DATA PROVIDED Block Start
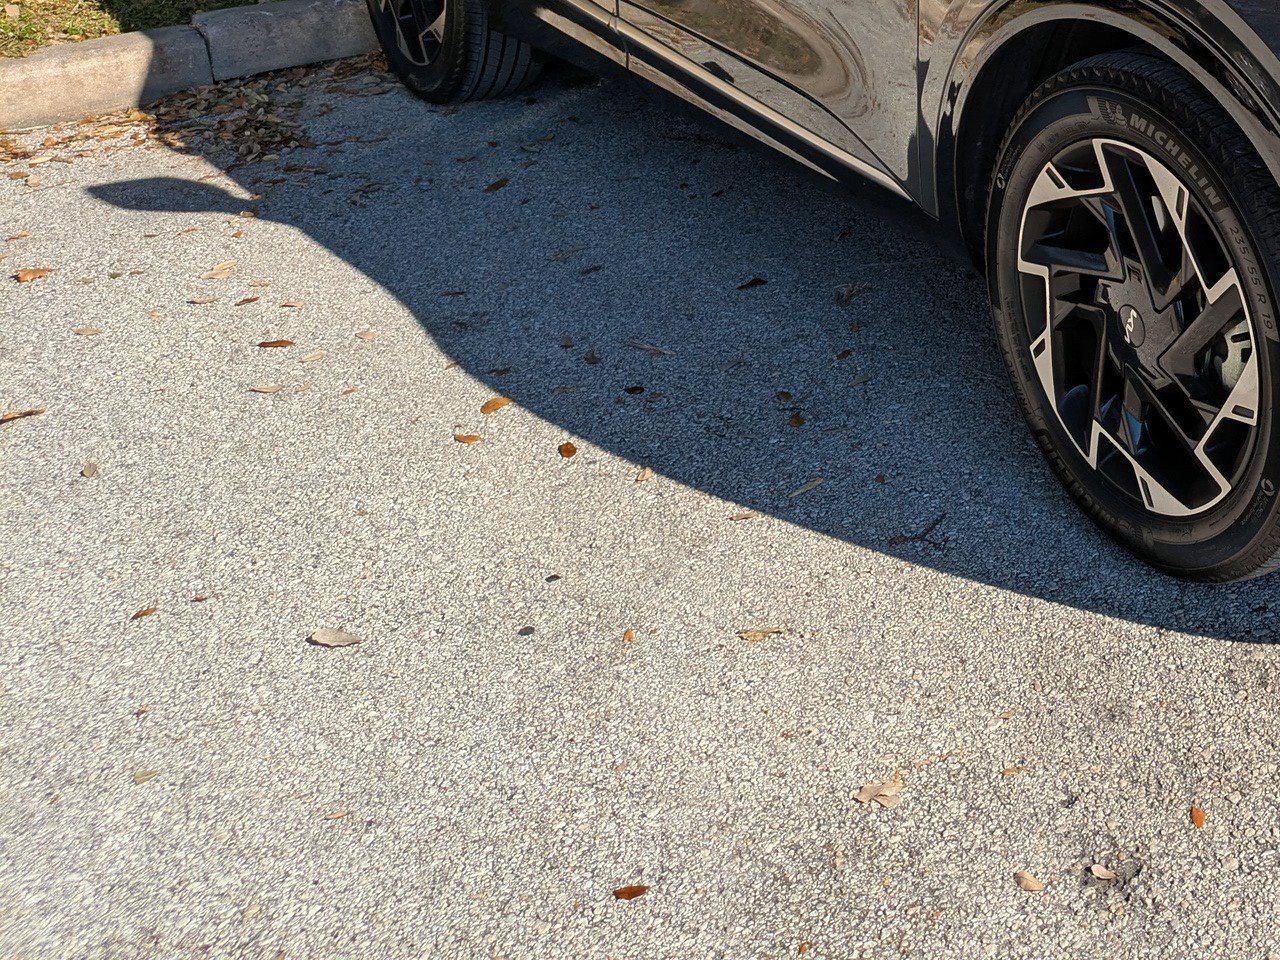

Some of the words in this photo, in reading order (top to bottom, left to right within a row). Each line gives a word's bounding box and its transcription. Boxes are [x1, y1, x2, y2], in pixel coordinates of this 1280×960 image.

[1129, 112, 1223, 207] MICHELIN
[1228, 225, 1263, 287] 235/55
[1256, 292, 1267, 305] R
[1262, 311, 1275, 331] 19
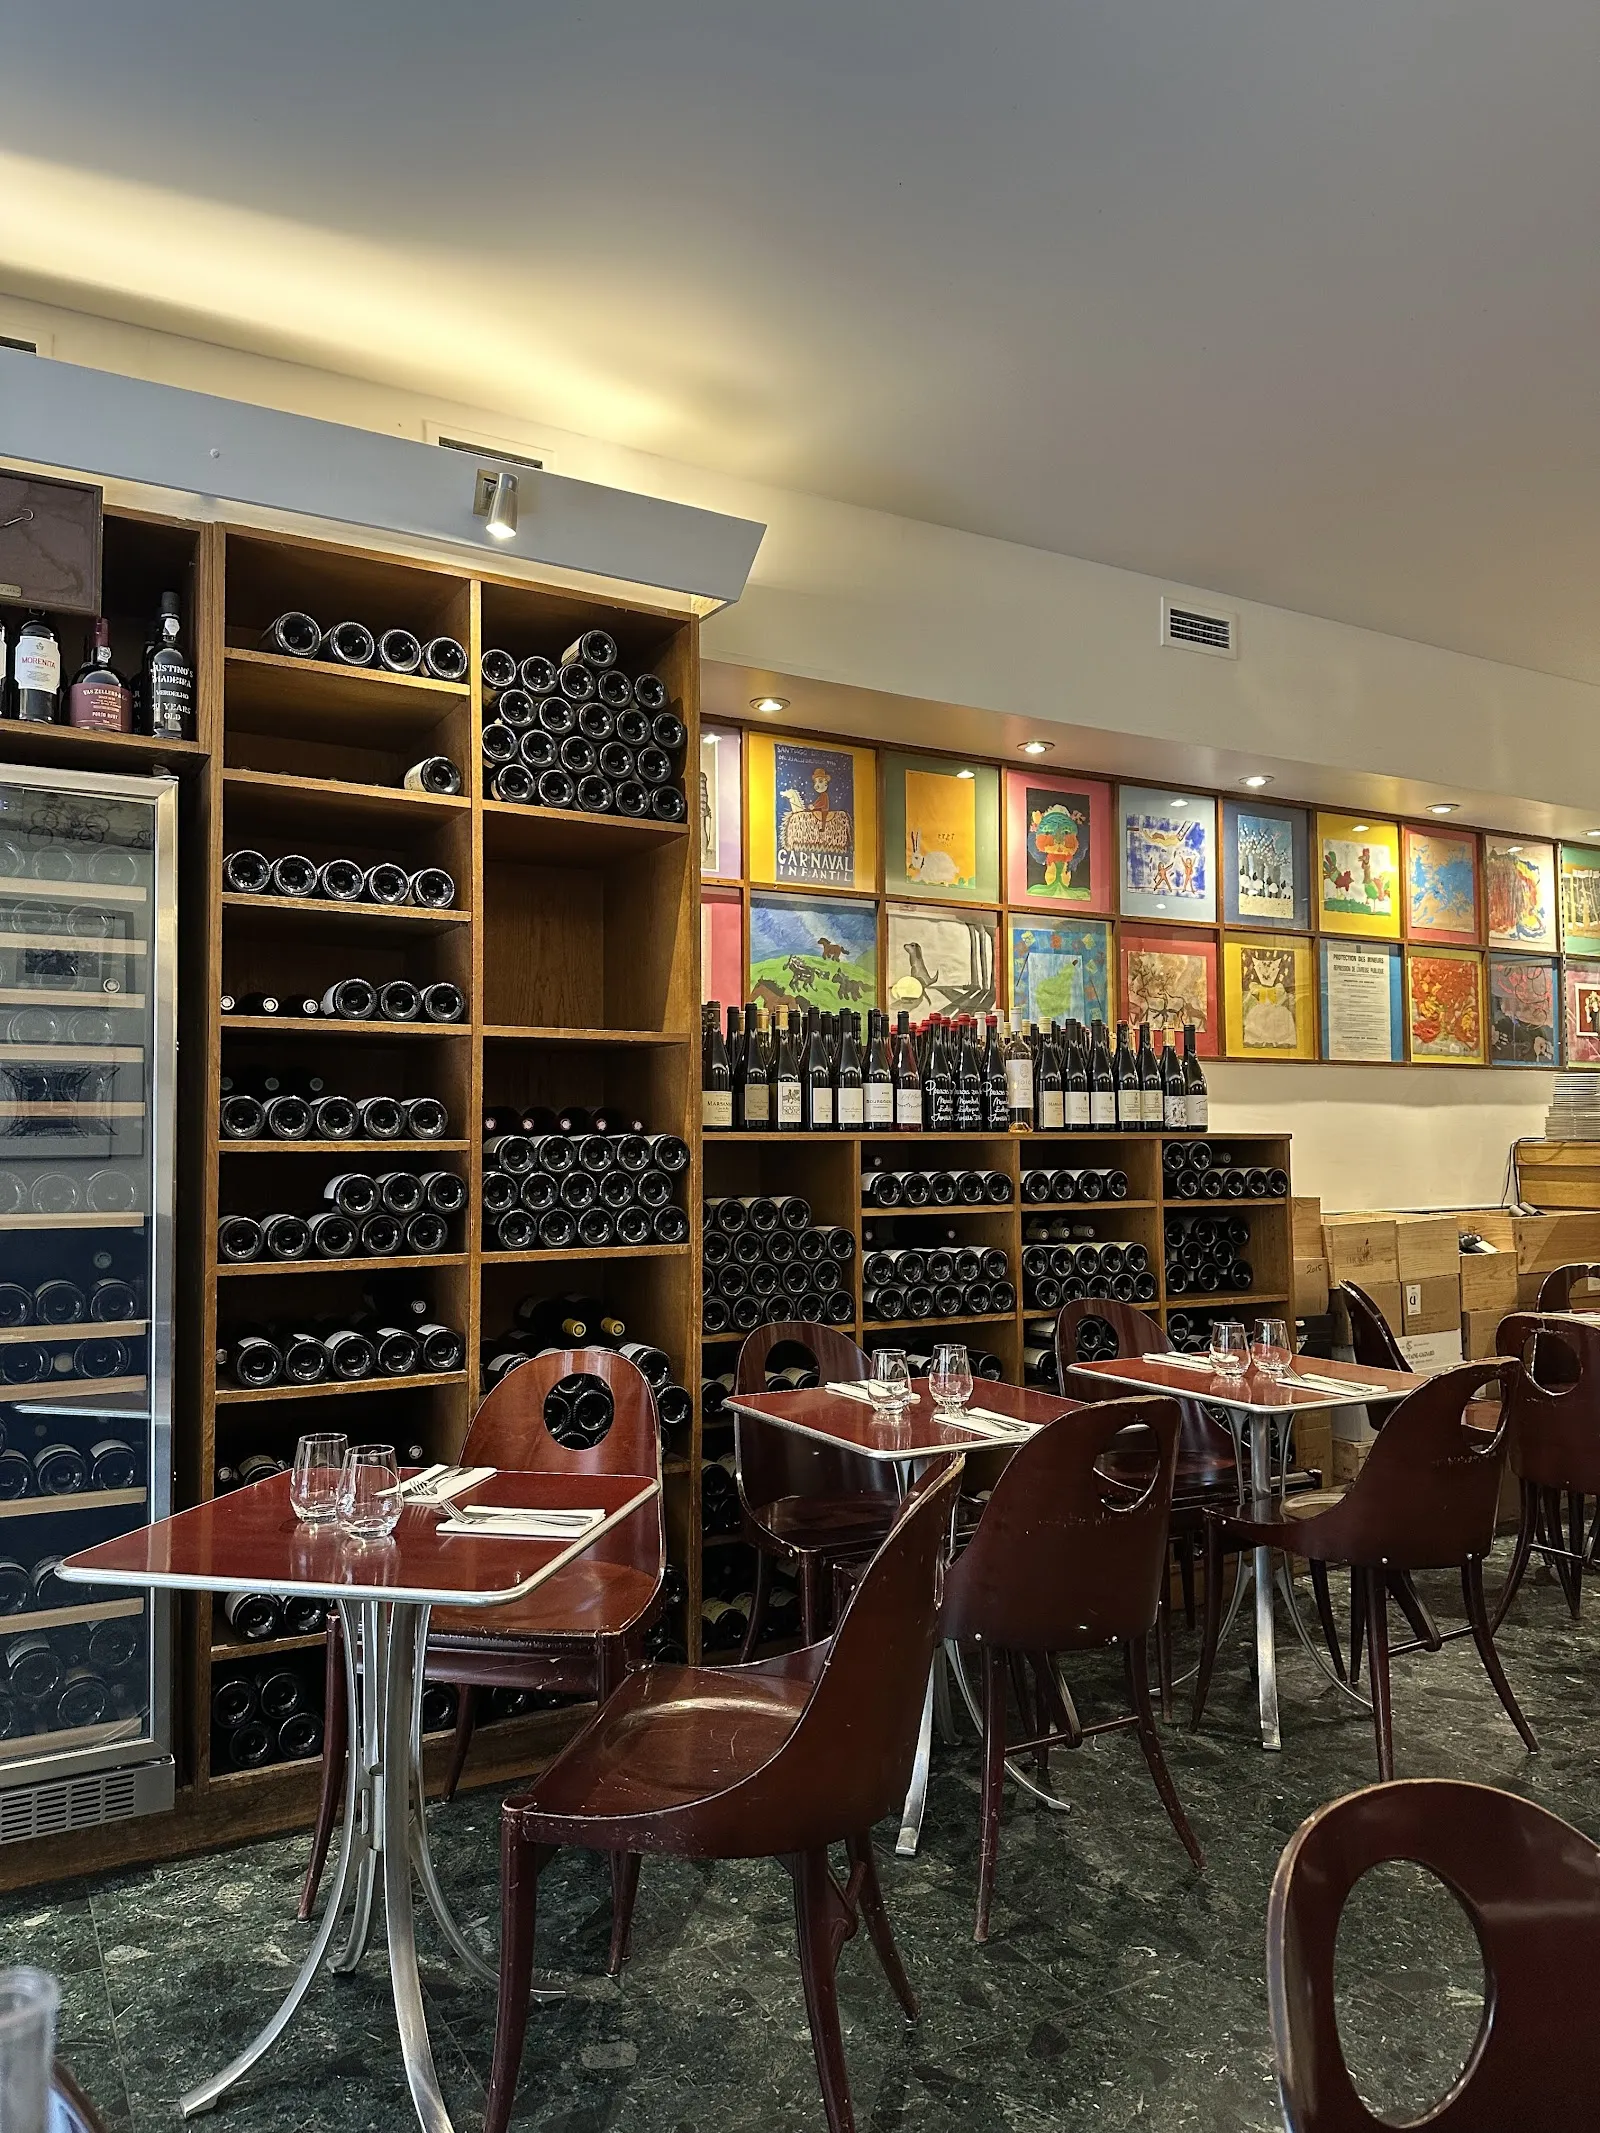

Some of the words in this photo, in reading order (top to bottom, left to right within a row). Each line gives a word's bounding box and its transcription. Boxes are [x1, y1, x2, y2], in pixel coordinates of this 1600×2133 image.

[21, 656, 56, 669] MORENITA
[152, 675, 191, 688] MADEIRA
[156, 689, 189, 700] VERDELHO
[163, 702, 191, 714] YEARS
[163, 712, 181, 720] OLD
[777, 849, 854, 873] CARNAVAL
[778, 867, 852, 882] INFANTIL
DATA PROVIDED Block End
WORK ORDER >>
If a record contains a picture, drop the picture and repeat the rest exactly.

ANSWER TO THIS EXERCISE >>
Some of the words in this photo, in reading order (top to bottom, left to right within a row). Each line gives a word's bounding box and its transcription. Boxes are [x1, y1, x2, y2], in pixel coordinates of this 1280×960 image.

[1129, 112, 1223, 207] MICHELIN
[1228, 225, 1263, 287] 235/55
[1256, 292, 1267, 305] R
[1262, 311, 1275, 331] 19

Some of the words in this photo, in reading order (top to bottom, left to right within a row). Each line gives a word's bounding box and its transcription. Boxes are [x1, y1, x2, y2], in pixel coordinates of this 1600×2133 image.

[21, 656, 56, 669] MORENITA
[152, 675, 191, 688] MADEIRA
[156, 689, 189, 700] VERDELHO
[163, 702, 191, 714] YEARS
[163, 712, 181, 720] OLD
[777, 849, 854, 873] CARNAVAL
[778, 867, 852, 882] INFANTIL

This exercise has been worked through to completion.